New telescopes provide more advanced and inclusive experience for star seekers

September 21, 2018

The university's observatory acquired five new telescopes to use for astronomy introduction courses and public observation nights.

 The UM-Dearborn Observatory is housed in the SLRC.
The UM-Dearborn Observatory is housed in the SLRC.

While in the observatory, Carrie Swift shares that you that can see five planets right now. She lists them: Venus, Mars. Jupiter and Saturn.

“What’s the fifth?” she asks with a smile. Before an answer could be given, Swift laughs and says, “Look down. You are standing on it.”

Swift, physics and astronomy lecturer, has taught intro astronomy and led the public observation nights at the university’s observatory for nearly 20 years.

She does it because she enjoys it — “it’s amazing to be there when people see the rings of Saturn for themselves” — and new observatory equipment will make the experience even better.

Five new Celestron 8-inch Schmidt Cassegrain telescopes — which were funded by the College of Arts, Sciences, and Letters dean’s office — are now used on the Science Learning and Research Center’s observatory.

Students learning to use telescopes
ASTR 131: Introduction to Astronomy students use the new Observatory telescopes.

The telescopes have GPS alignment and tracking; they also have hand paddles so users can communicate with the telescope about what they are seeking.
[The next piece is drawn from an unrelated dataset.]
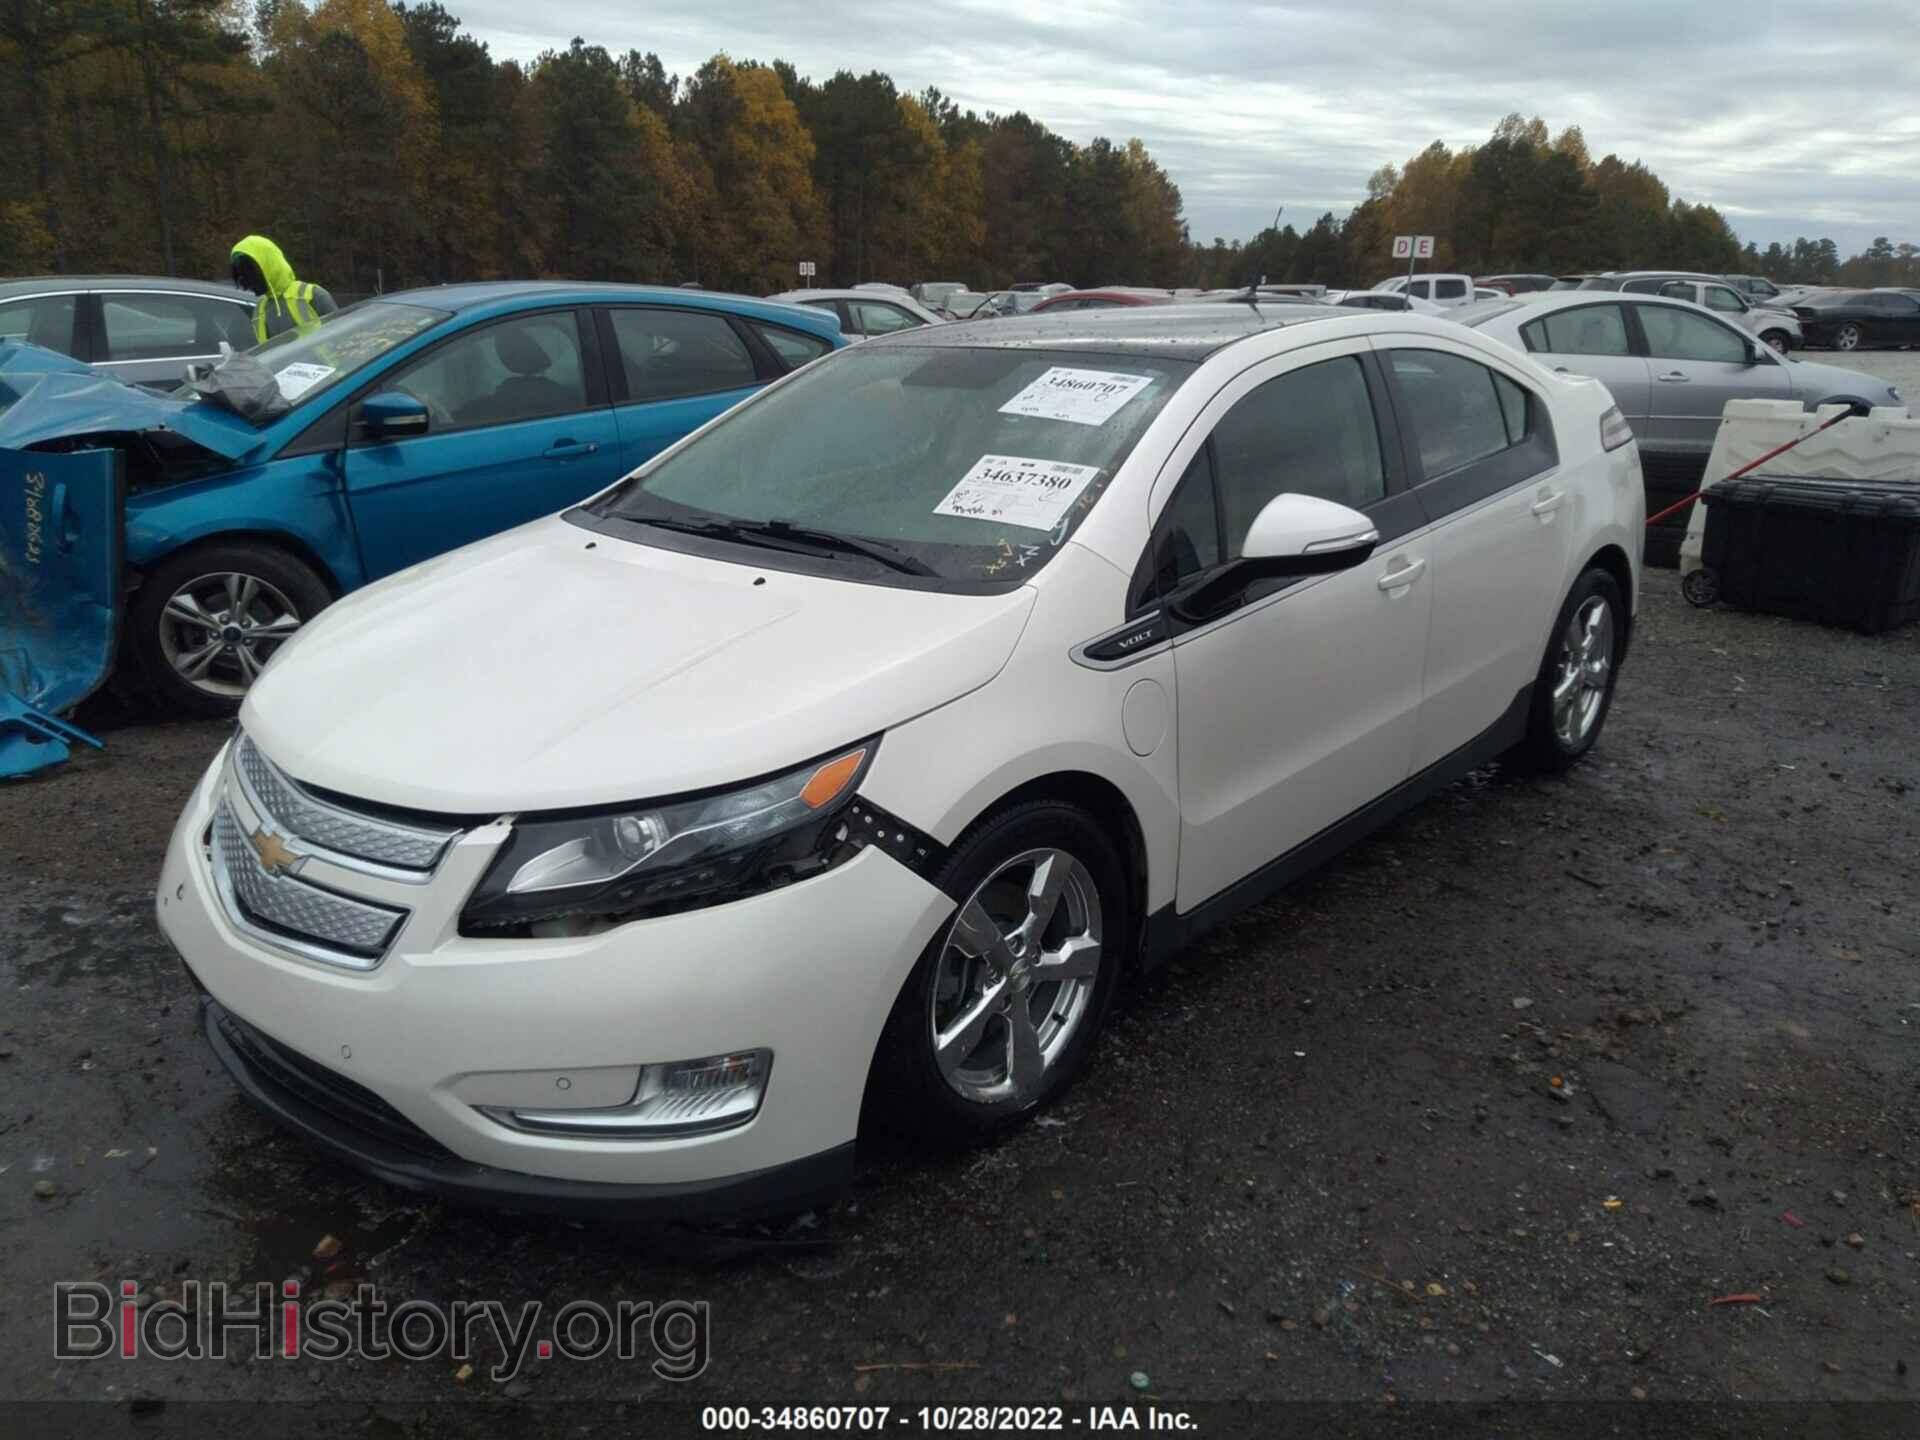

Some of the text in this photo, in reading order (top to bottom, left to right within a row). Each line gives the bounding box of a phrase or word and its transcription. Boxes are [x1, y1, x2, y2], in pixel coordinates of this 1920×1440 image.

[1397, 240, 1429, 255] D E
[1043, 376, 1129, 395] 34860707
[975, 468, 1072, 489] 34637380
[1118, 629, 1153, 648] VOLT
With the previous observation deck telescopes, a technician had to carefully move each one so that the viewer was looking in the right spot.

“Maybe it’s hazy, and we can’t find what we originally planned to look at. [But] with the new telescopes, you can literally find something else to look at in a couple of seconds. Before, the telescope guy would need to readjust each one, which makes for quite a bit of waiting around time,” Swift said. “We’d see three or four things in a night if we were lucky. Now we might look at a dozen.”
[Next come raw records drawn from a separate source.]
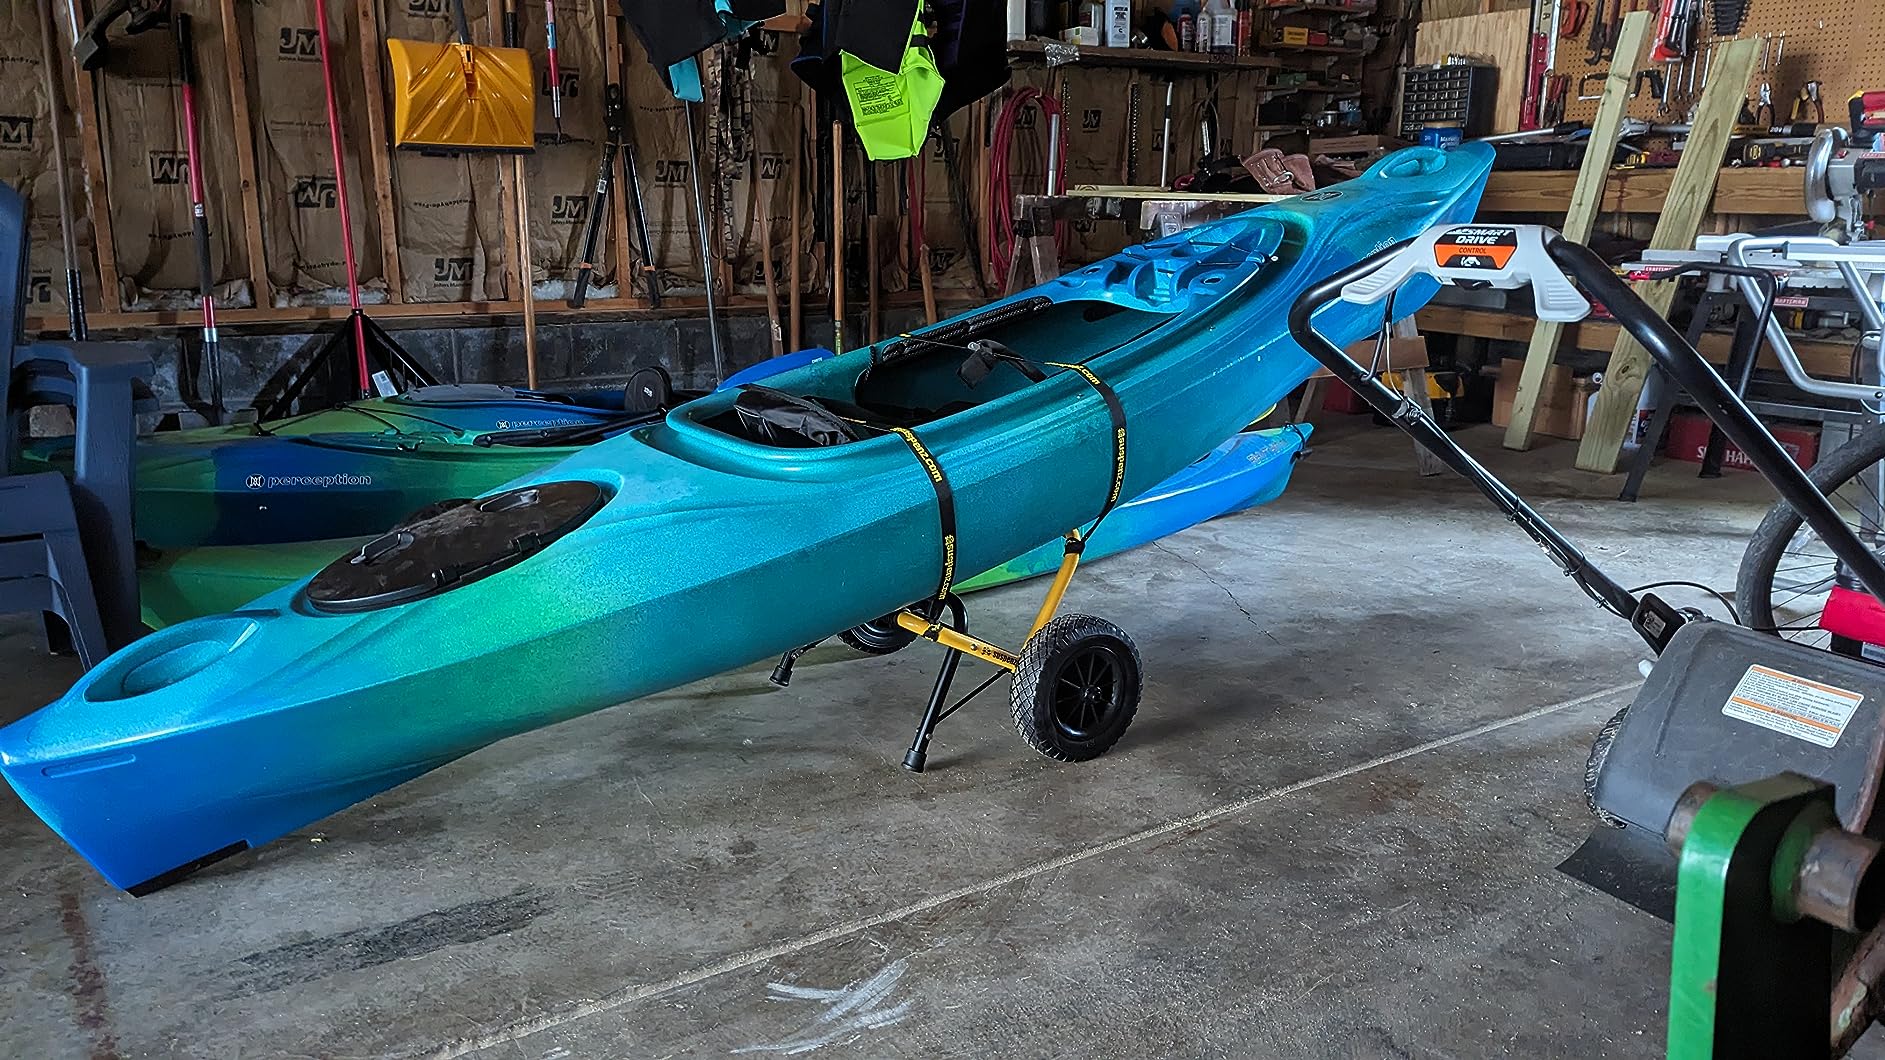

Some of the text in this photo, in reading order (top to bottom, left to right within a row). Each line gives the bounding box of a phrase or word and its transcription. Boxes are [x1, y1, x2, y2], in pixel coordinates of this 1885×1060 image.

[279, 28, 321, 55] JM
[0, 116, 33, 143] M
[552, 196, 589, 218] JM
[1455, 236, 1499, 244] DRIVE
[1464, 228, 1514, 236] SMART
[435, 257, 474, 282] JM
[512, 418, 584, 428] perception
[267, 473, 372, 489] perception
Getting to see more stars and planets is a plus. But so is teaching people how to use today’s technology.

“All major research telescopes — including the big guy we have in the observatory, the 40 cm DFM — have computerized alignment and GPS tracking,” she said. “These new introductory telescopes will better prepare students on how to operate research telescopes if they continue in the field.”

Even if you aren't signed up for Swift’s course, you still have an opportunity to use the telescopes at public observation nights — which are Wednesdays now through Nov. 14, with the exception of Oct. 31. Observation is 9 to 10:30 p.m., weather permitting.
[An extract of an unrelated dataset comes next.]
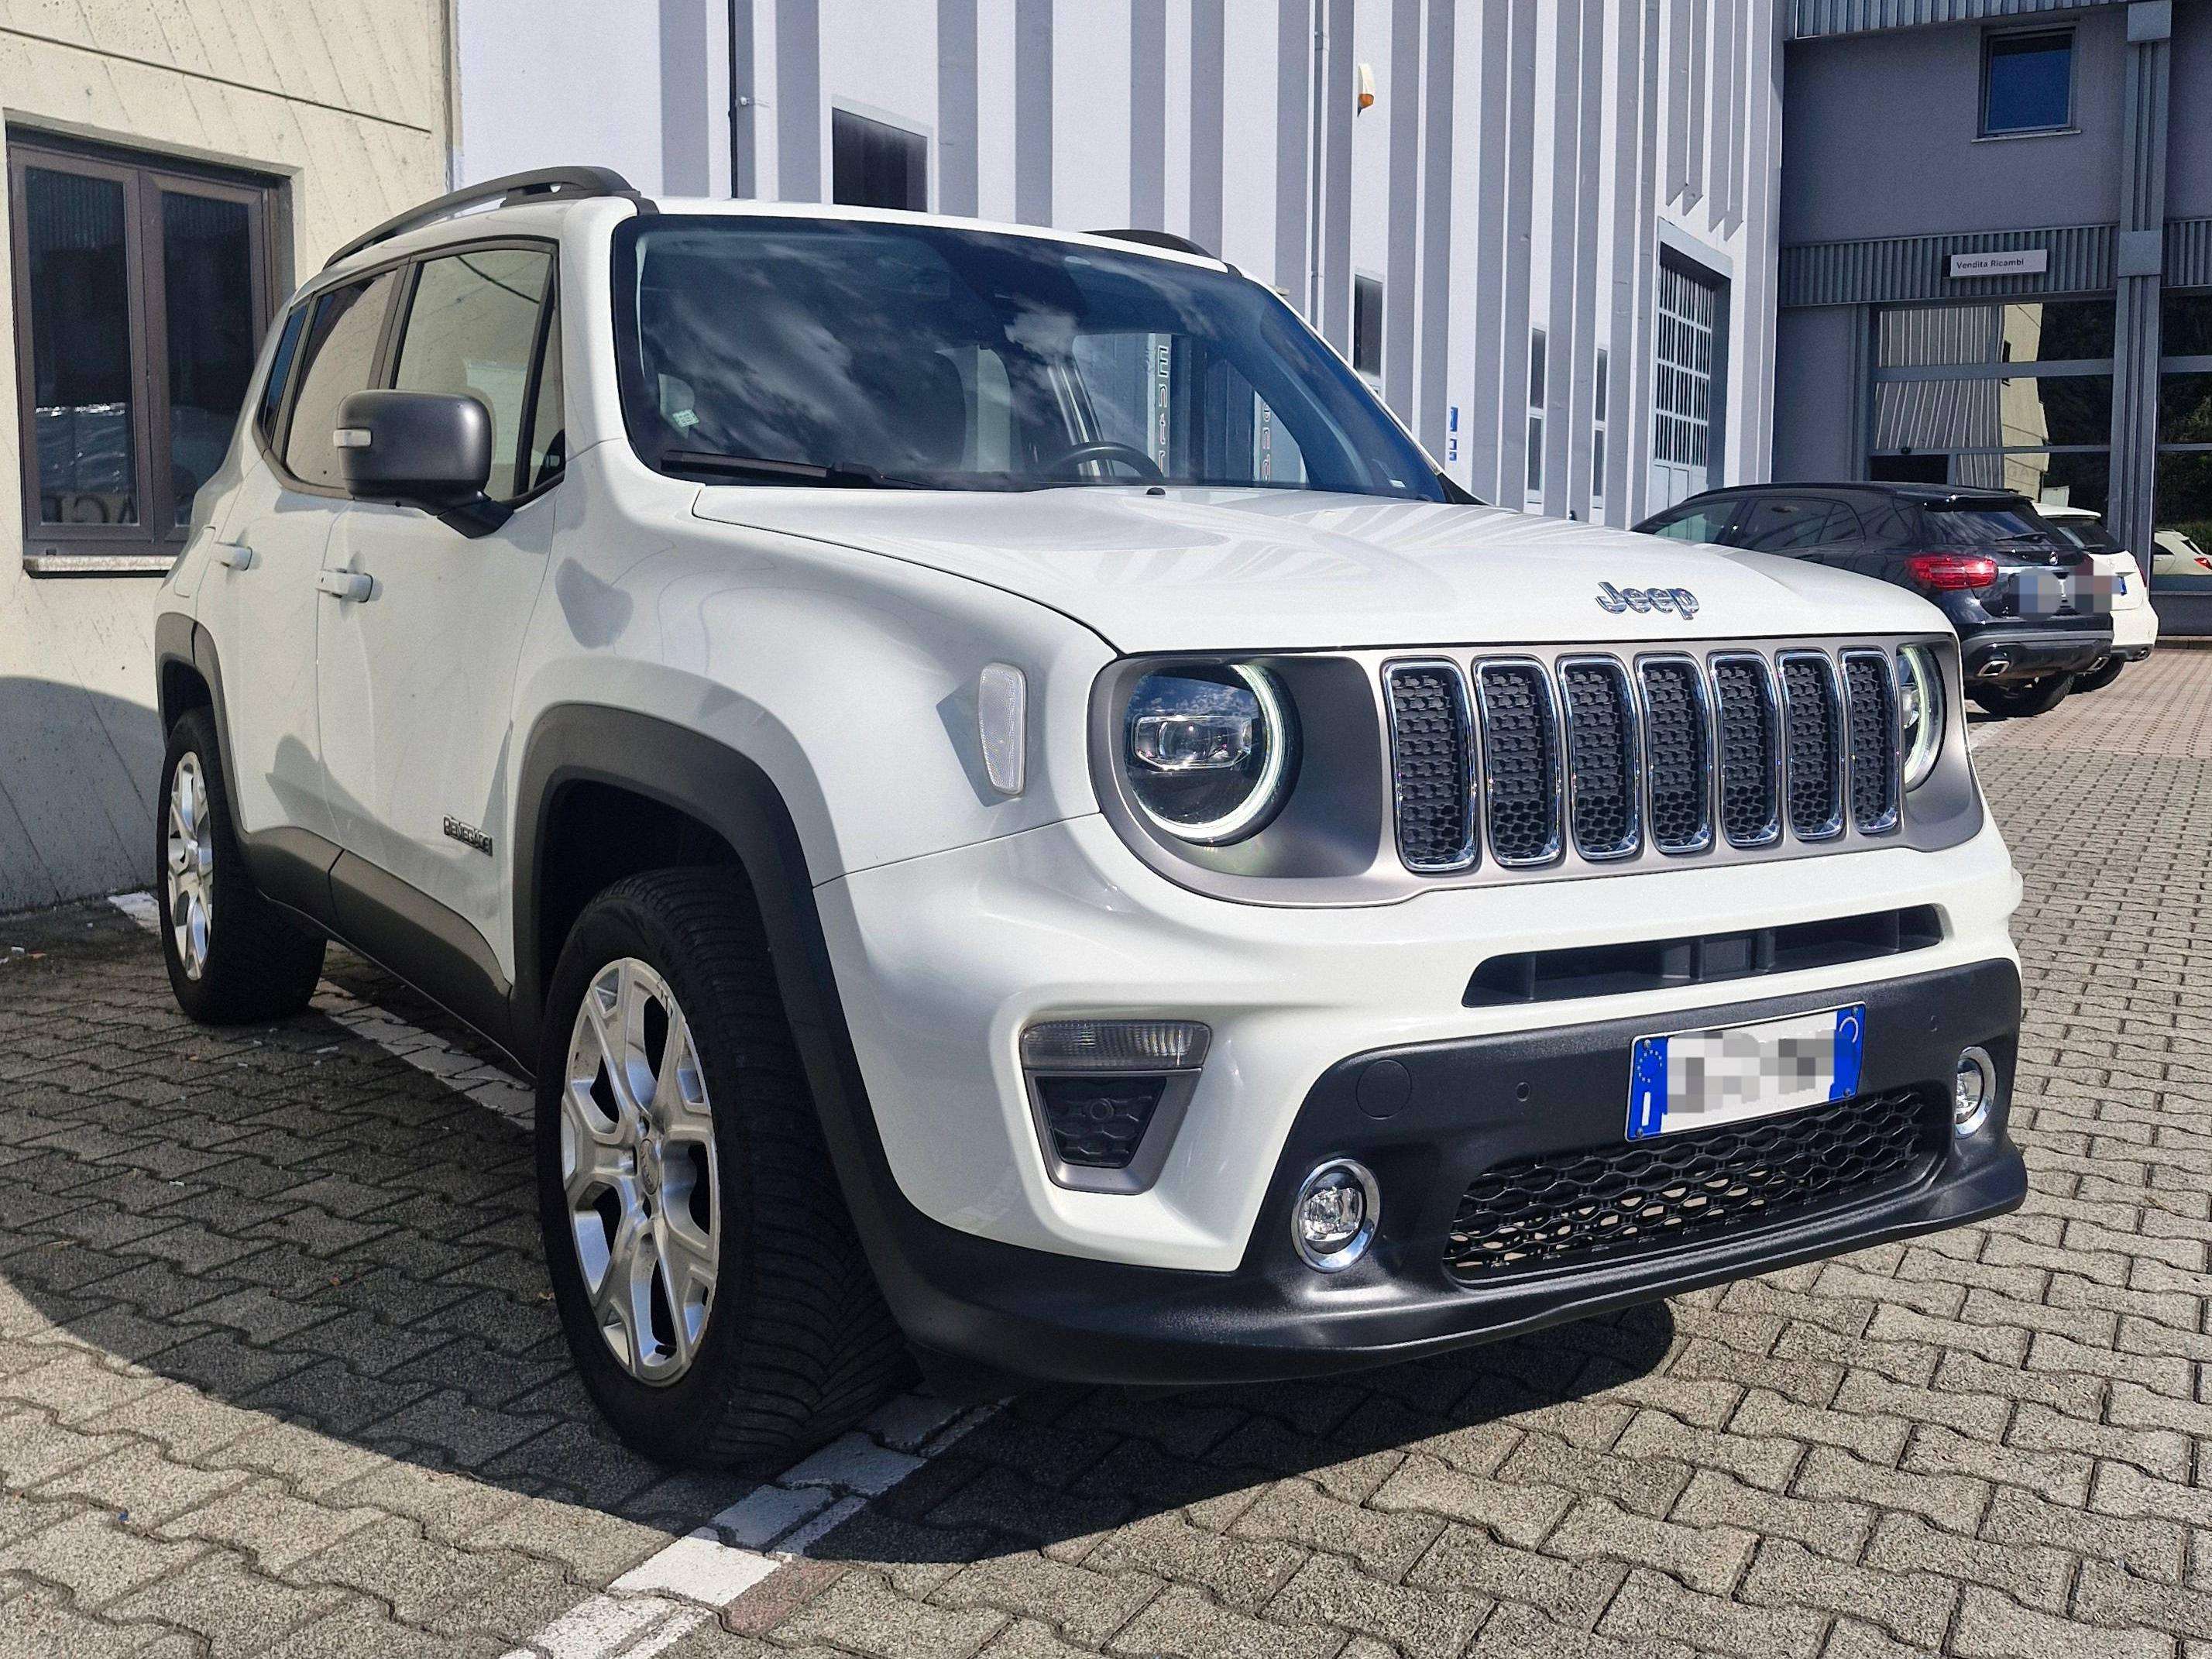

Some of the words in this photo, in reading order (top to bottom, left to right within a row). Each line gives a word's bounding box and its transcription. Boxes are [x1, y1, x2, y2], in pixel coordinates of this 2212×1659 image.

[1956, 260, 1988, 269] Vendita
[1990, 258, 2024, 266] Ricambi
[1595, 582, 1700, 620] Jeep
Swift said she’s pleased the campus offers equipment that allows viewers to more easily use their eye to see what is in the night sky.

“The visceral experience of looking through the eyepiece and knowing the light that’s entering your eye came from that galaxy or that nebula is something everyone should have the chance to experience,” she said. “Not only do we offer that here, we now can show people even more than we did before.”